— WORK TO BE COMPLETED —
Please return all records verbatim, no pictures.

Collected data:
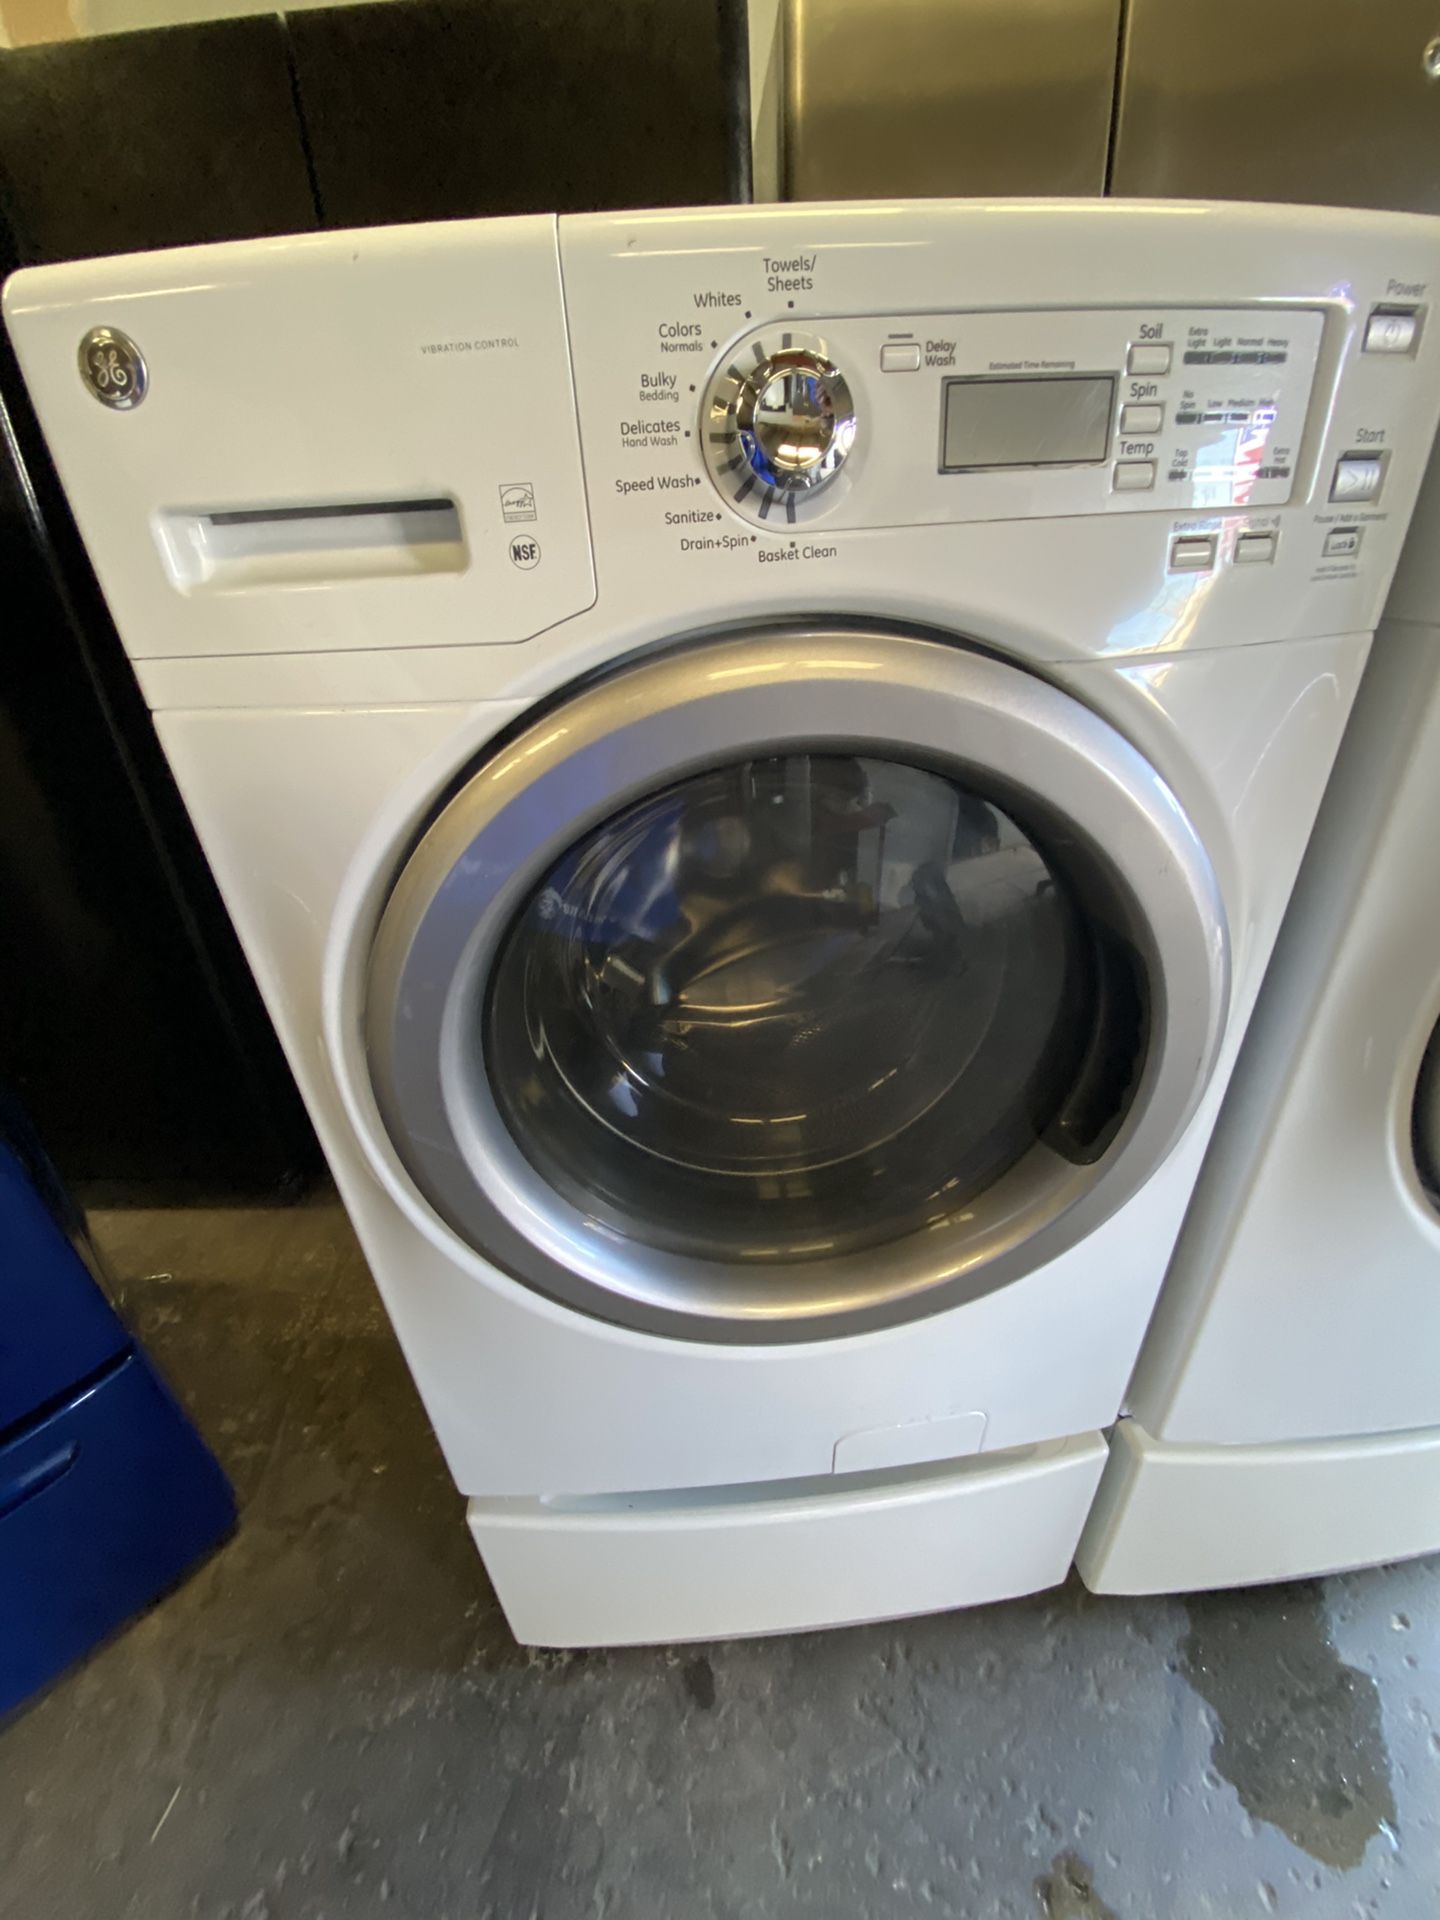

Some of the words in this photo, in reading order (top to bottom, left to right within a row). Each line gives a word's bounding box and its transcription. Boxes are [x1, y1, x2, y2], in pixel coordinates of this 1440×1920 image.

[763, 255, 817, 274] Towels/
[767, 275, 813, 292] Sheets
[1387, 279, 1426, 297] Power
[693, 291, 742, 308] Whites
[658, 322, 702, 338] Colors
[1139, 323, 1164, 339] Soil
[420, 342, 472, 354] VIBRATION
[474, 337, 519, 350] CONTROL
[660, 340, 703, 353] Normals
[926, 339, 956, 354] Delay
[925, 354, 956, 367] Wash
[641, 371, 677, 388] Bulky
[639, 388, 679, 403] Bedding
[1130, 382, 1157, 400] Spin
[620, 419, 681, 436] Delicates
[1355, 427, 1385, 443] Start
[622, 436, 648, 448] Hand
[650, 435, 678, 447] Wash
[1120, 441, 1154, 457] Temp
[615, 476, 655, 496] Speed
[656, 473, 695, 490] Wash
[665, 509, 714, 525] Sanitize
[680, 534, 749, 551] Drain+Spin
[512, 543, 536, 561] NSF
[758, 547, 799, 563] Basket
[802, 545, 837, 560] Clean

— THE COMPLETED TASK —
Some of the words in this photo, in reading order (top to bottom, left to right within a row). Each line gives a word's bounding box and its transcription. Boxes are [x1, y1, x2, y2], in pixel coordinates of this 1440×1920 image.

[763, 255, 817, 274] Towels/
[767, 275, 813, 292] Sheets
[1387, 279, 1426, 297] Power
[693, 291, 742, 308] Whites
[658, 322, 702, 338] Colors
[1139, 323, 1164, 339] Soil
[420, 342, 472, 354] VIBRATION
[474, 337, 519, 350] CONTROL
[660, 340, 703, 353] Normals
[926, 339, 956, 354] Delay
[925, 354, 956, 367] Wash
[641, 371, 677, 388] Bulky
[639, 388, 679, 403] Bedding
[1130, 382, 1157, 400] Spin
[620, 419, 681, 436] Delicates
[1355, 427, 1385, 443] Start
[622, 436, 648, 448] Hand
[650, 435, 678, 447] Wash
[1120, 441, 1154, 457] Temp
[615, 476, 655, 496] Speed
[656, 473, 695, 490] Wash
[665, 509, 714, 525] Sanitize
[680, 534, 749, 551] Drain+Spin
[512, 543, 536, 561] NSF
[758, 547, 799, 563] Basket
[802, 545, 837, 560] Clean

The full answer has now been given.